Making a Difference: The Impact of Annual Meetings
Every year the Johnson Scholarship Foundation hosts two annual convening of select grantees. The first is in June and welcomes representatives from the Disability Resource Centers in the twelve state of Florida universities. The second one, held in October, is for representatives from the colleges and universities providing Foundation business and entrepreneurship scholarships to Indigenous students. In both cases, the Foundation pays all expenses (travel, lodging, food) for two representatives per school to attend these day-long meetings. The Foundation provides the meeting space, plans the agenda for the day, often brings in expert speakers, facilitates the meetings and, in the case of the October meetings, hosts an after meeting dinner.
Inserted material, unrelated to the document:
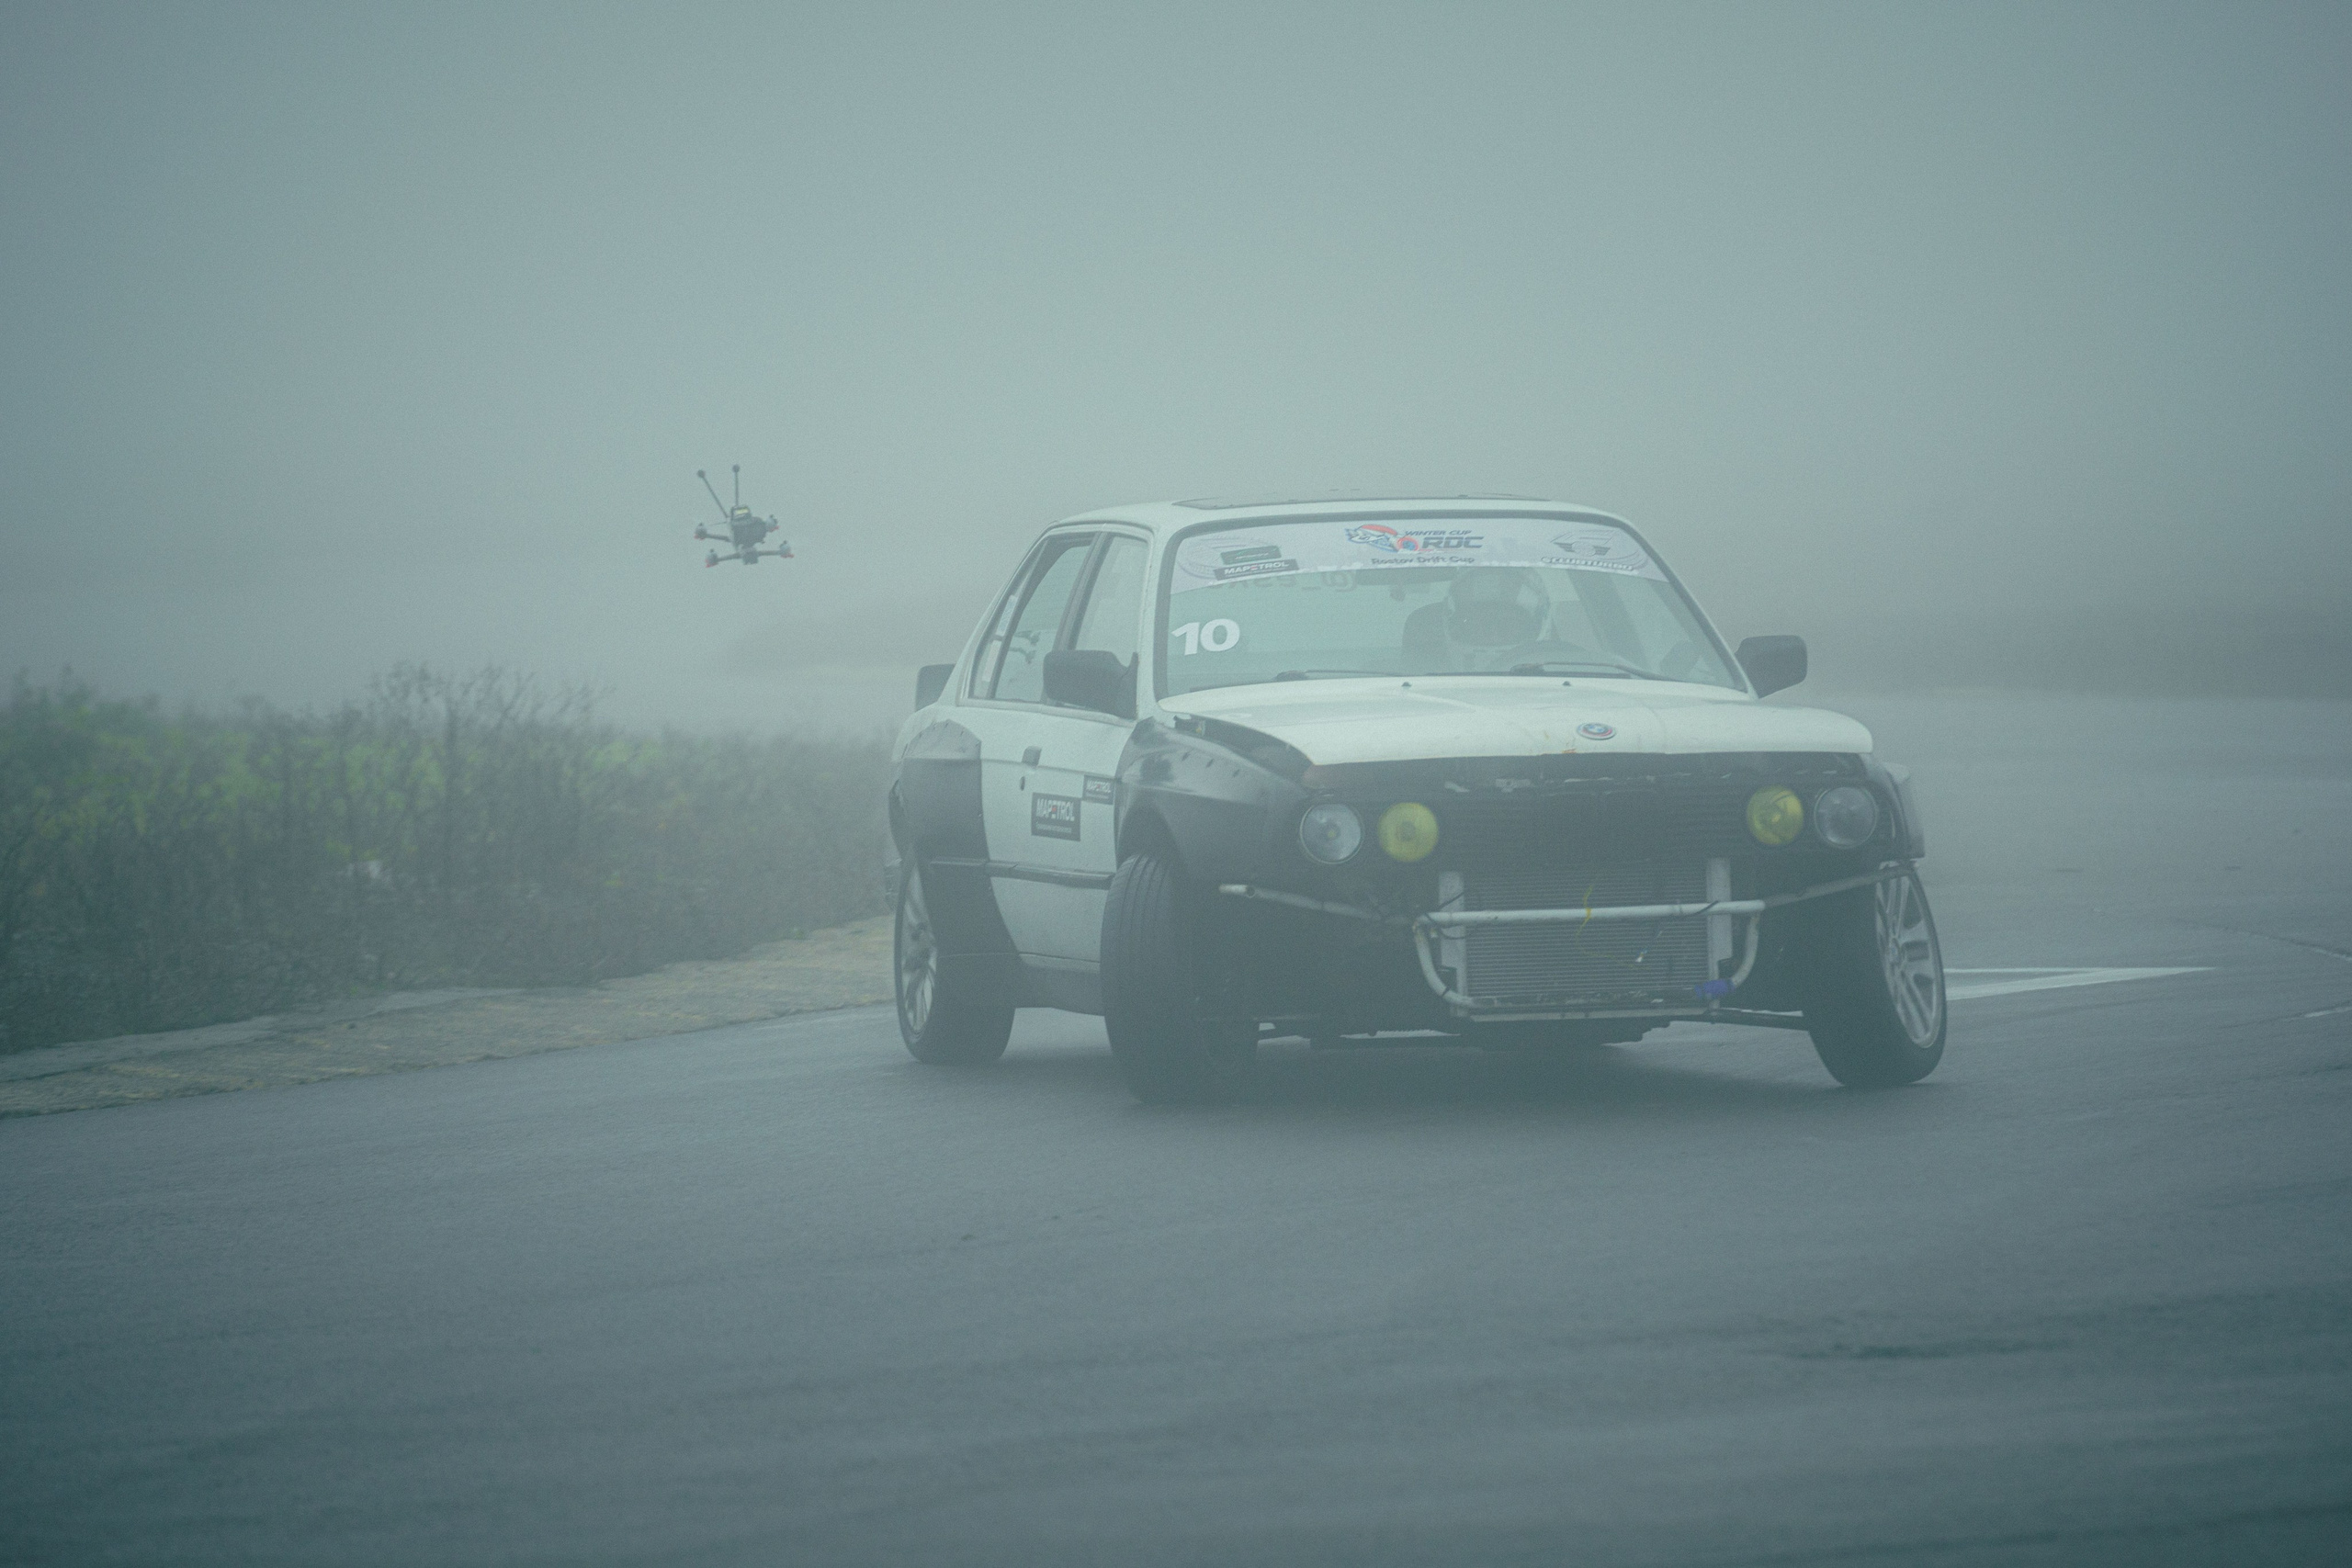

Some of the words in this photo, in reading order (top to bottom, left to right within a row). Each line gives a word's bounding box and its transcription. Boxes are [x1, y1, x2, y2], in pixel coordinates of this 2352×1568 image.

A minimum of five Foundation staff, consultants, and Directors attend each of these meetings. So why would any foundation go to such trouble and expense to host these annual meetings? The answer is simple: They make a difference.
First and foremost, they make a difference for the grantee representatives, many of whom tell us their meeting is the one time a year that they are able to actually meet and talk with others at different schools doing the same work they do. Our post-meeting surveys are full of responses like:
- This meeting always gives great information about scholarships, challenges & successes of other campuses.
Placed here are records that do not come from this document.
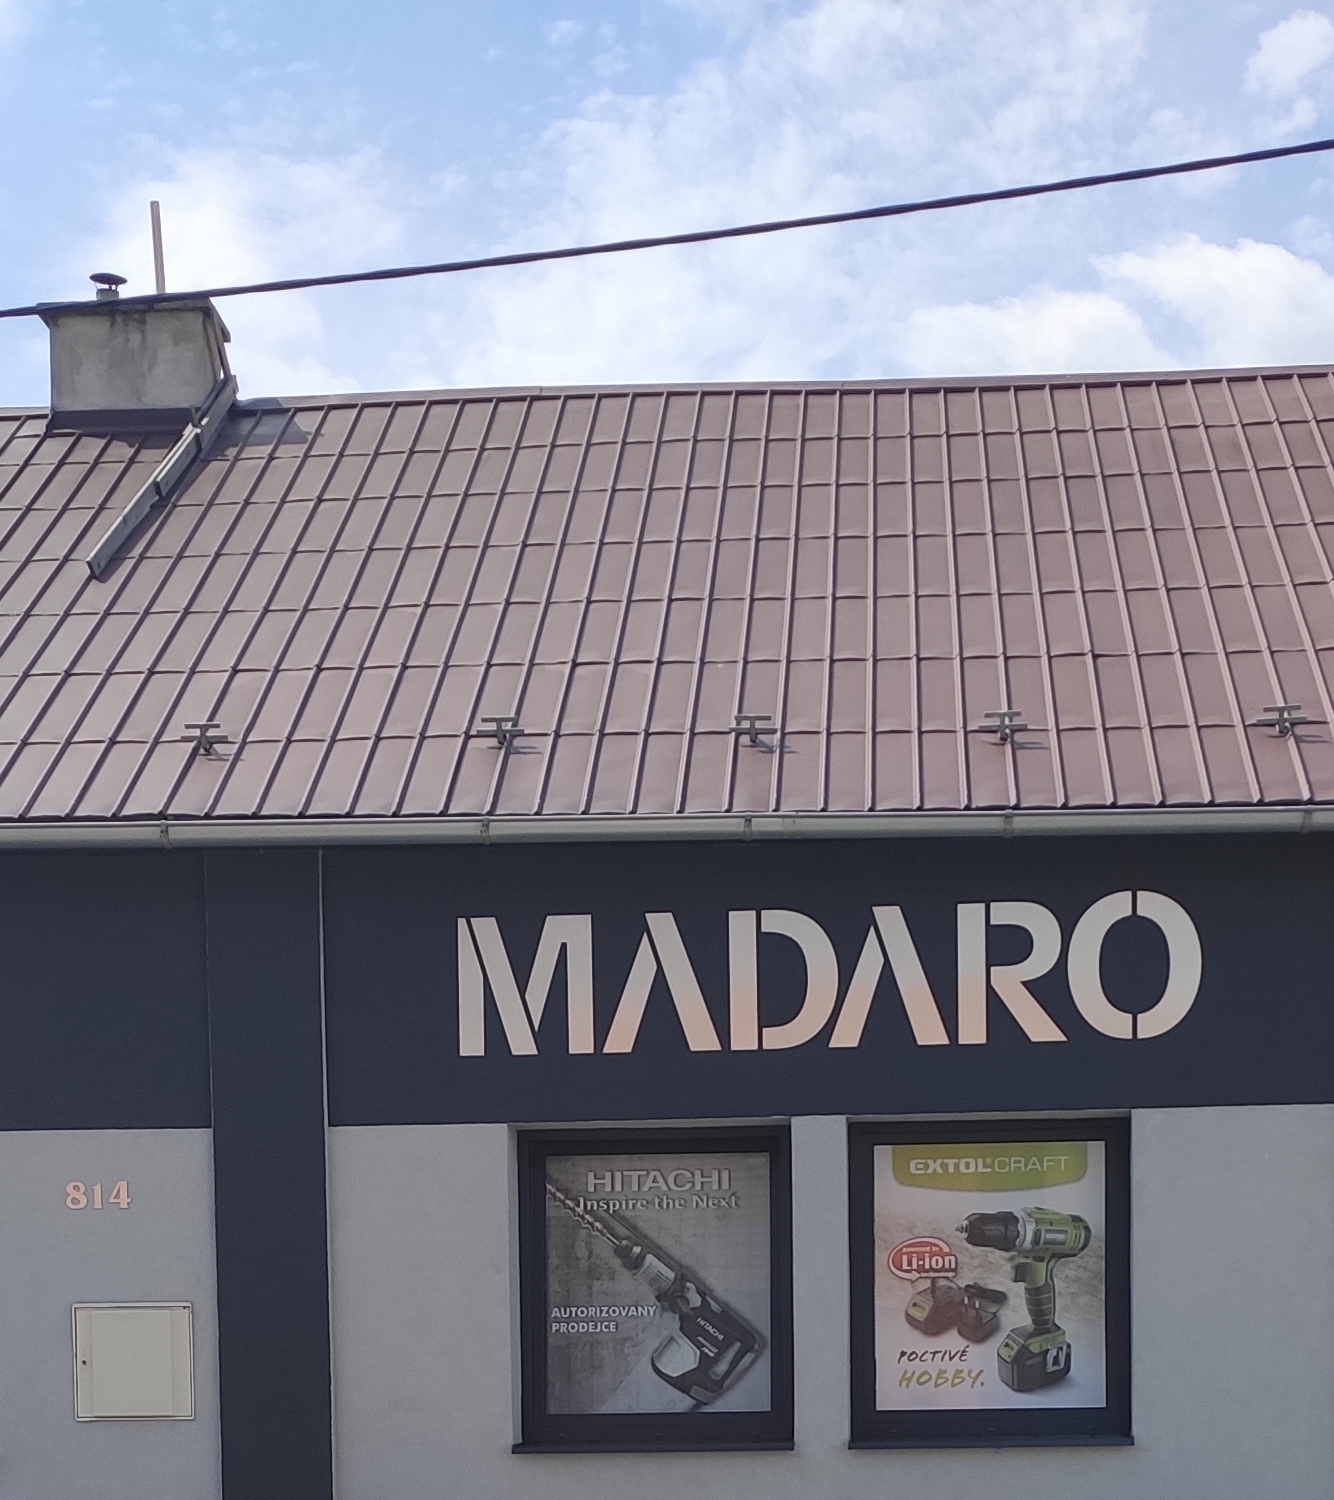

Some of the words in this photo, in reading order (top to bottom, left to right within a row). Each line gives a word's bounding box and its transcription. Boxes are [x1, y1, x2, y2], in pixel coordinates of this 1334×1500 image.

[457, 890, 1203, 1057] MADARO
[994, 1156, 1069, 1173] CRAFT
[587, 1168, 732, 1193] HITACHI
[65, 1181, 132, 1210] 814
[576, 1196, 651, 1213] Inspire
[654, 1194, 687, 1209] the
[692, 1191, 740, 1210] Next
[902, 1253, 957, 1270] Li-ion
[551, 1303, 658, 1318] AUTORIZOVANÝ
[552, 1321, 618, 1334] PRODEJCE
[897, 1345, 971, 1364] POCTIVÉ
- Great feedback from other campuses to be considered on our campus
- It is great to not only hear what others are doing, but to be able to network with them and see what they have experienced and hear their problems and successes.
- Always great to share ideas with others in the same field
- I always take ideas back to our campus
- I enjoyed the comparisons/contrasts between my office and others
When we ask what they wished they had had more time for during the meeting, the
overwhelming response is the desire to spend more time talking with each other. “I learned so much through the various conversations and sharing opportunities,” reported an attendee from Florida Polytechnic University. “It often turns into the most valuable part of these events,” added a representative from New College of Florida. “So many people had so many great thoughts/ideas!” raved another June meeting attendee.
So what does the Foundation get out of these meetings? A lot, as proved by the fact that we keep providing these opportunities and our own people keep wanting to be involved.
Listening to our grantees share their experiences gives us a far greater appreciation of the work they are doing. As our President, Malcolm Macleod, often expresses, the Foundation is making the investment, but these people are the ones doing the work.
Meeting people face to face creates stronger personal bonds and makes dealing with issues and concerns over the phone the rest of the year much more comfortable for both parties.
Listening to and talking with the grantees make the grants “real” for our Directors. Reading a program summary can never compare to actually knowing the effects of a program that the Directors voted to fund.